• Activity
Repeat the listing word for word. Leave every picture out.

-- -- --

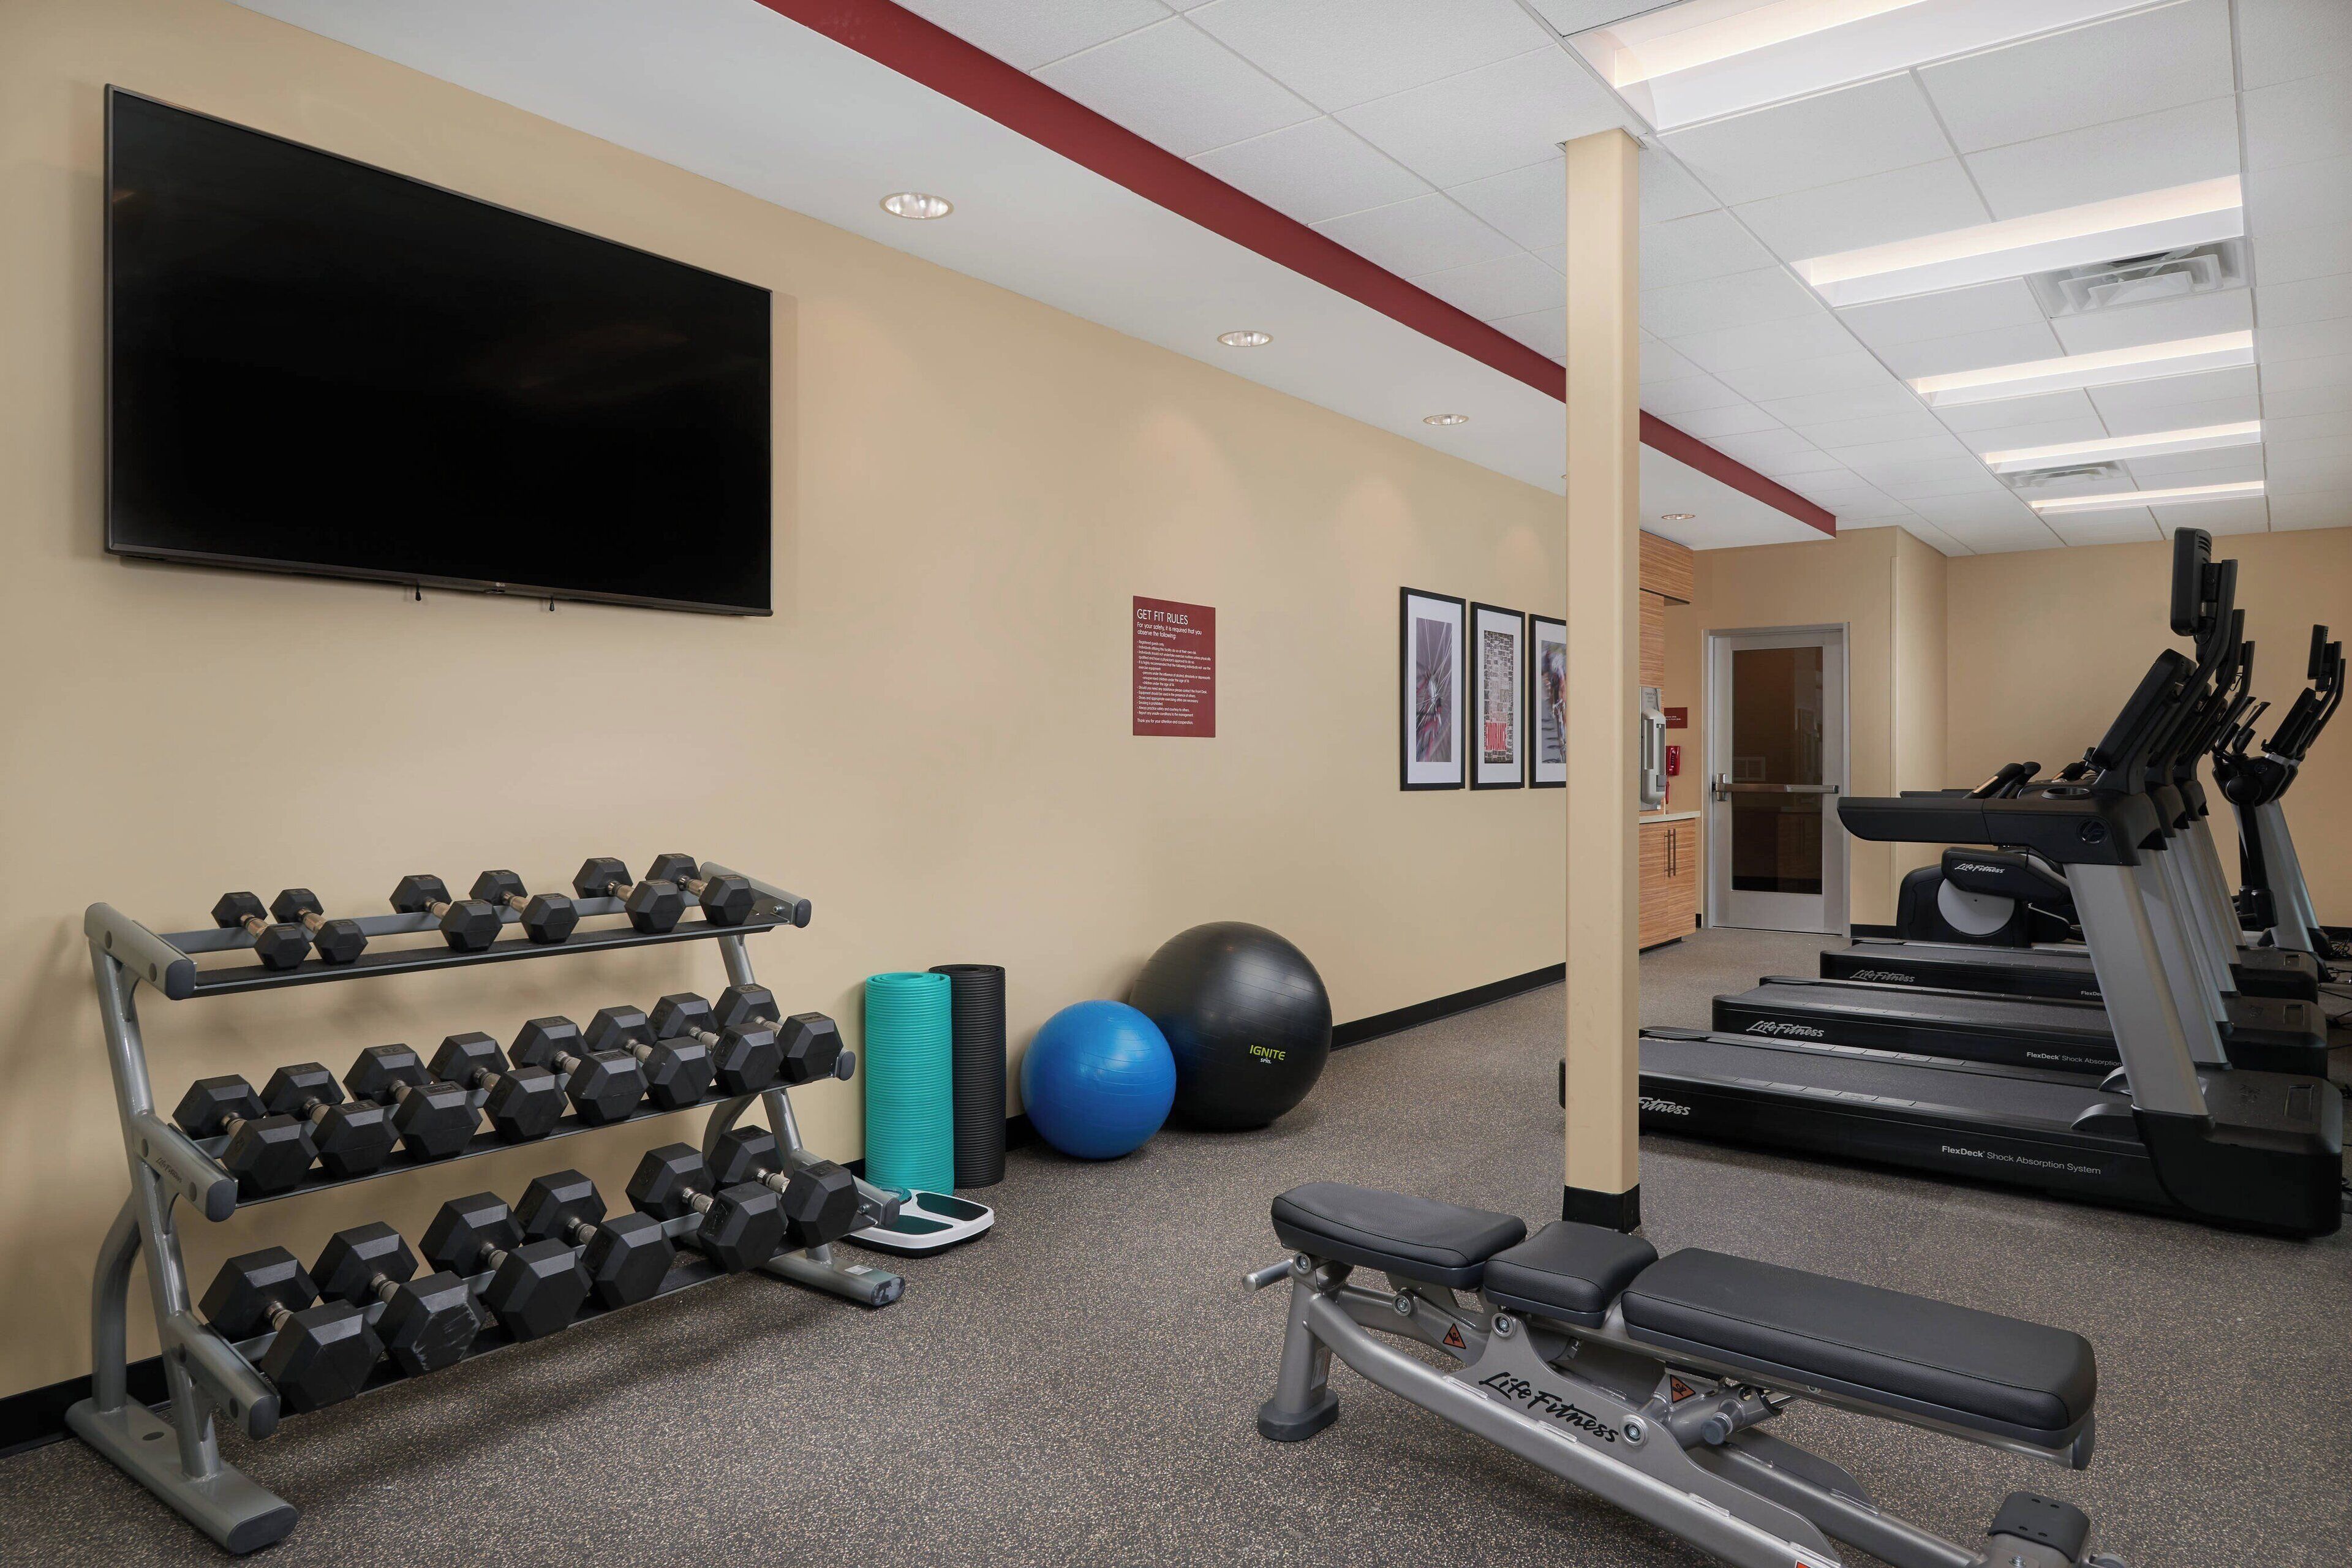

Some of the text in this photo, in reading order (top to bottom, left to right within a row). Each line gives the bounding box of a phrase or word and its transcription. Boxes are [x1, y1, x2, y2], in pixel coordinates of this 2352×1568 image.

[1137, 608, 1188, 625] GET FIT RULES
[1972, 865, 2005, 873] Fitness
[1849, 969, 1915, 982] Life Fitness
[1746, 1020, 1826, 1037] Life Fitness
[1250, 1044, 1286, 1061] IGNITE
[2084, 1058, 2121, 1066] Absorption
[1987, 1152, 2014, 1162] Shock
[2016, 1156, 2064, 1169] Absorption
[2067, 1163, 2101, 1174] System
[1478, 1372, 1619, 1443] Life Fitness

-- -- --

• Answer to the exercise
Some of the text in this photo, in reading order (top to bottom, left to right within a row). Each line gives the bounding box of a phrase or word and its transcription. Boxes are [x1, y1, x2, y2], in pixel coordinates of this 2352×1568 image.

[1137, 608, 1188, 625] GET FIT RULES
[1972, 865, 2005, 873] Fitness
[1849, 969, 1915, 982] Life Fitness
[1746, 1020, 1826, 1037] Life Fitness
[1250, 1044, 1286, 1061] IGNITE
[2084, 1058, 2121, 1066] Absorption
[1987, 1152, 2014, 1162] Shock
[2016, 1156, 2064, 1169] Absorption
[2067, 1163, 2101, 1174] System
[1478, 1372, 1619, 1443] Life Fitness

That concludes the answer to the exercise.